Gene comum explica por que alguns medicamentos falham
Novas descobertas sobre uma variante genética específica podem ajudar a explicar por que alguns medicamentos da doença de Alzheimer funcionam em certas pessoas, mas podem falhar em outras. As descobertas pedem uma abordagem mais personalizada ao teste de drogas.
No início deste ano, um estudo liderado pelo Dr. Kinga Szigeti, Ph.D., diretor do Centro de Doenças e Memória de Alzheimer da Universidade de Buffalo, NY, encontrou um gene chave que ajudou a explicar por que alguns medicamentos para o mal de Alzheimer eram mostrados promessa em modelos animais, mas falhou em humanos.
O gene é chamado CHRFAM7A e é específico para humanos, embora apenas 75% das pessoas o possuam. É o chamado gene de fusão – ou seja, uma fusão entre um gene que codifica um receptor para o neurotransmissor acetilcolina e um tipo de enzima chamada quinase.
A acetilcolina desempenha um papel fundamental na memória e na aprendizagem, e os pesquisadores há muito a associam ao desenvolvimento da doença de Alzheimer.
O gene de fusão CHRFAM7A codifica o “[alpha]Receptor nicotínico de acetilcolina 7 ”, mas como o faz apenas em humanos, os medicamentos direcionados ao receptor alfa-7 provaram ser bem-sucedidos em modelos animais pré-clínicos, mas não em humanos.

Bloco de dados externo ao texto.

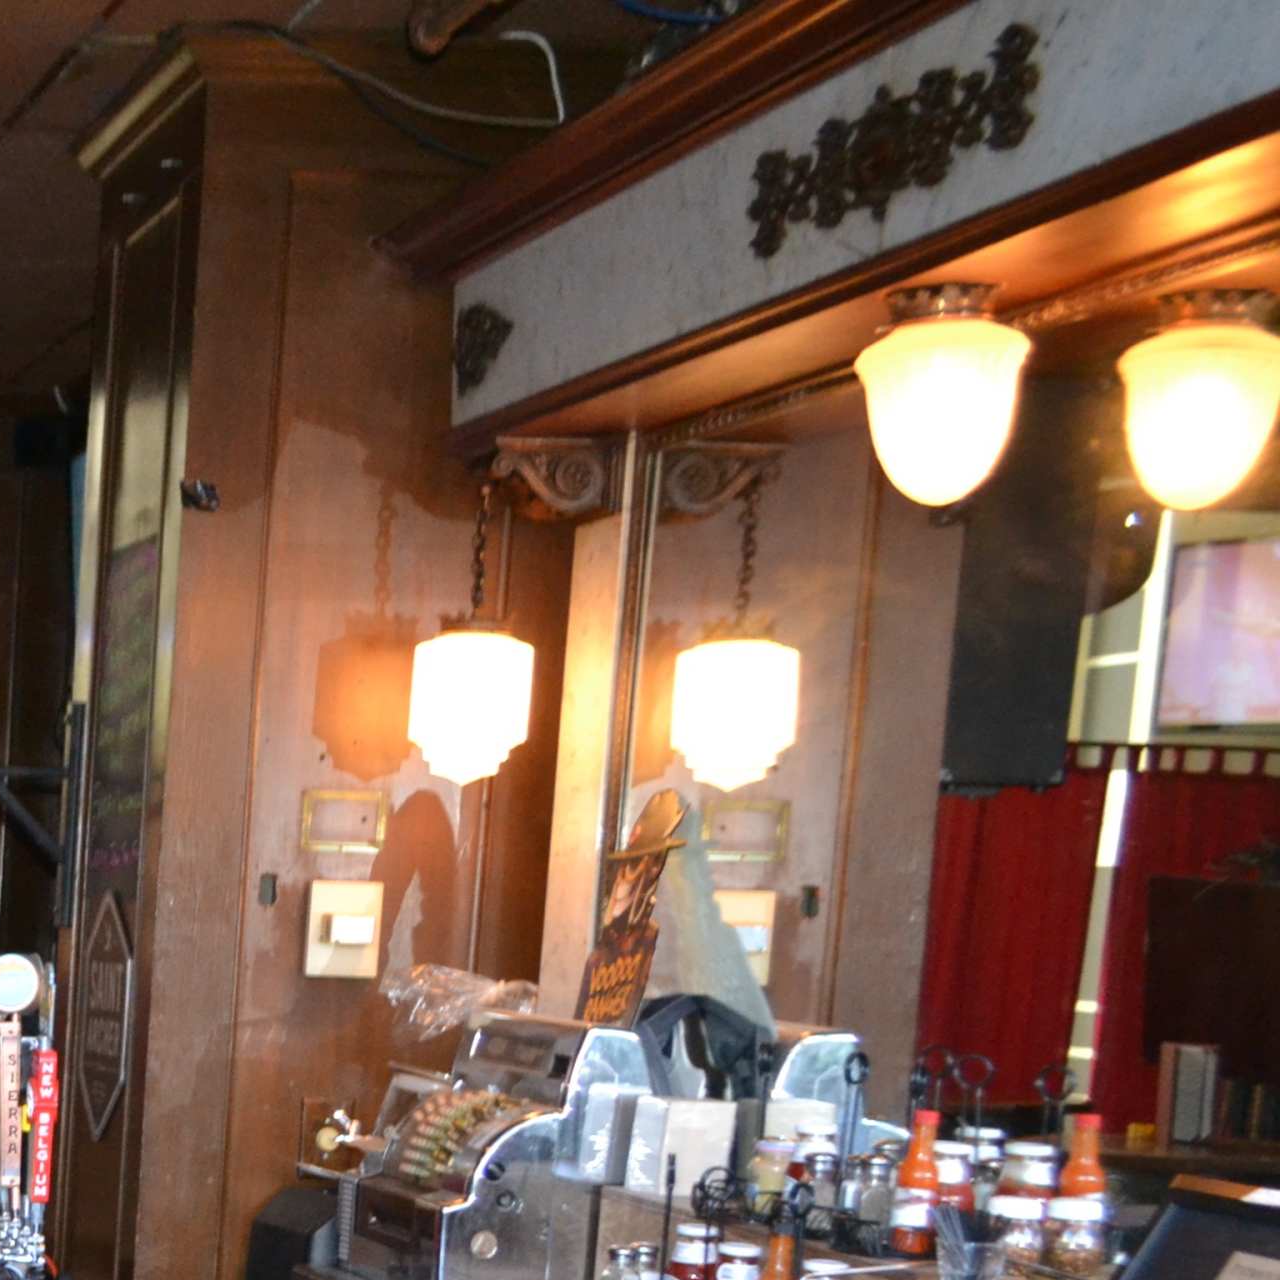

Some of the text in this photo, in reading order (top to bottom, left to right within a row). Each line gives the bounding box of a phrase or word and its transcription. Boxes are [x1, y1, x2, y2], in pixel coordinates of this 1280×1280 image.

O estudo anterior realizado pela Dra. Szigeti e sua equipe mostrou que o CHRFAM7A tem um efeito modulador na absorção da proteína beta-amilóide, que é uma marca registrada da doença de Alzheimer. No entanto, este estudo anterior foi realizado em culturas de tecidos.
No estudo recente, Szigeti e sua equipe analisaram como esse gene afeta a eficácia do medicamento em humanos.
Os pesquisadores apresentaram suas descobertas no Conferência Internacional da Associação de Alzheimer, que ocorreu em Los Angeles, CA.
Dr. Szigeti explica que o gene CHRFAM7A está presente em duas variantes: uma funcional e uma que não é traduzida em uma proteína. “Isso divide a população de 1 a 3 entre não transportadoras e transportadoras”, diz o pesquisador.
Ela também explica que 3 dos 4 medicamentos da doença de Alzheimer que estão disponíveis agora têm como alvo todos os receptores de acetilcolina.
No entanto, medicamentos que visariam especificamente o receptor de acetilcolina alfa-7 até agora falharam em seres humanos.
“Como esse gene de fusão humano não estava presente nos modelos animais e nos sistemas de rastreamento usados para identificar drogas, 75% dos pacientes de Alzheimer que carregam esse gene têm menor probabilidade de se beneficiar e, portanto, estão em desvantagem. ”
Dr. Kinga Szigeti
“Isso pode explicar a lacuna na tradução”, continua ela.
“Com este estudo, comparamos o efeito dos inibidores da colinesterase em pacientes que carregavam ou não o gene”, diz Szigeti.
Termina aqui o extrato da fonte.